Photo by Magnus Stark
Huffnagle, whose most recent performance in a Wilson play was as the fiery diner owner Memphis in M Ensemble's Two Trains Running in May, moved to Miami from New York two years ago to become an assistant professor of acting in Florida International University's Department of Theatre.

In New York, he appeared in numerous plays by Layon Gray, another M Ensemble favorite, whose work brings stories from Black history to vibrant life. (This season, Gray will stage the February 8-25 regional premiere of The Girls of Summer, his play about a Black all-female baseball team in 1945.)

Regarding Wilson, Huffnagle's knowledge of and appreciation for the revered playwright's work runs deep.

"I went to grad school at the University of Florida and played Herald Loomis in Joe Turner's Come and Gone — my favorite August Wilson play. I did my master of fine arts dissertation on it," Huffnagle says of the play, set in 1911, as Black men and women struggled to forge new lives in a nation forever stained by slavery.

Beyond Wilson's ingenious notion of crafting ten related plays that delve so deeply into a century of Black life in America, his distinctive writing and storytelling are what propelled him into the company of the country's most revered playwrights, including Eugene O'Neill, Tennessee Williams, and Arthur Miller — whose work he hadn't read or seen at the time he began his devoting himself to writing plays.

Wilson, whose first dream was to become a poet, writes in a naturalistic yet poetic style, almost musical. The monologues he gives his characters may be meaty, but they soar like arias.

"He put real Black people, Black lives, and their circumstances onstage. How he created these characters and their stories is poignant, important, and necessary. As an artist, you crave and look for that," says Huffnagle.

Huffnagle says he is not trying to imitate Wilson's voice, though he has watched videos of the late playwright.

"The trap could be if you weren't very good at it. His spirit is in the words — you don't have to embody him," says the actor.

Huffnagle has been working with Hart at a frenzied pace since he and actor Robert Strain swapped performer and understudy roles. (After a recent family loss, Strain will perform at select matinees.)
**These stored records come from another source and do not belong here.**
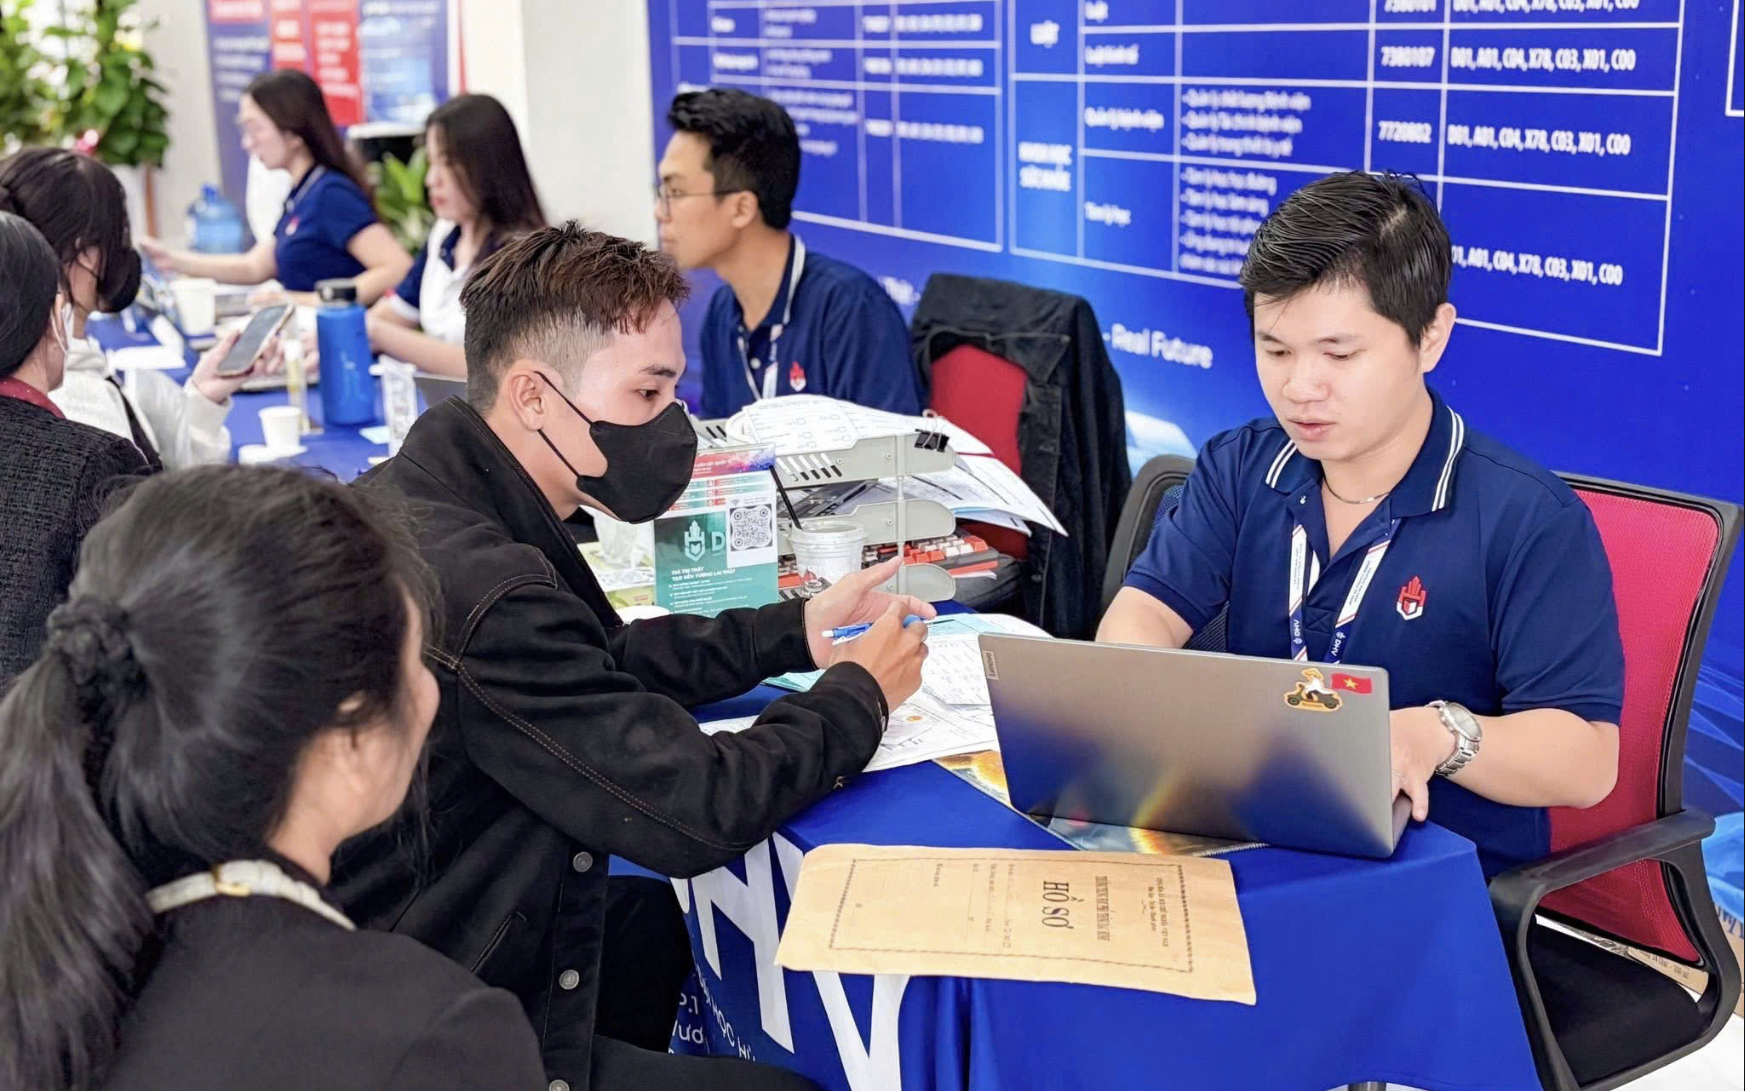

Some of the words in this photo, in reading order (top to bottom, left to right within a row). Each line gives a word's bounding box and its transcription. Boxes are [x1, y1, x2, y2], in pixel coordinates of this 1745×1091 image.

[1555, 48, 1581, 72] C03,
[1582, 49, 1609, 73] X01,
[1611, 49, 1636, 71] C00
[1551, 130, 1577, 155] C03,
[1578, 132, 1604, 157] X01,
[1606, 133, 1631, 155] C00
[1492, 250, 1517, 275] C04,
[1518, 252, 1543, 278] X78,
[1544, 256, 1570, 282] C03,
[1571, 259, 1597, 286] X01,
[1599, 263, 1623, 286] C00
[1112, 324, 1149, 354] Real
[1152, 331, 1213, 369] Future
[1331, 638, 1342, 657] DHV
[986, 652, 996, 677] Lenovo
[1041, 879, 1086, 903] HỒ
[1040, 903, 1075, 931] SƠ
Beyond learning all the words in a 47-page script, Huffnagle has to navigate the production's unusual, evocative set. Designer Frank J Oliva, lighting designer Ernesto Pinto, and projection designer Joel Zishuk have brought the Hill District of Wilson's youth back to life with scale-model buildings and bridges that light up when he's talking about something that happened in a particular place.

Threading through those small streets might give some actors pause. Not Huffnagle.

"The set actually helps me remember my lines," he says. "August is revisiting this place where he lived. And he's the giant now."

– Christine Dolen, ArtburstMiami.com

How I Learned What I Learned. Through October 22, at GableStage, 1200 Anastasia Ave., Coral Gables; 305-445-1119; gablestage.org. Tickets cost $35 to $65.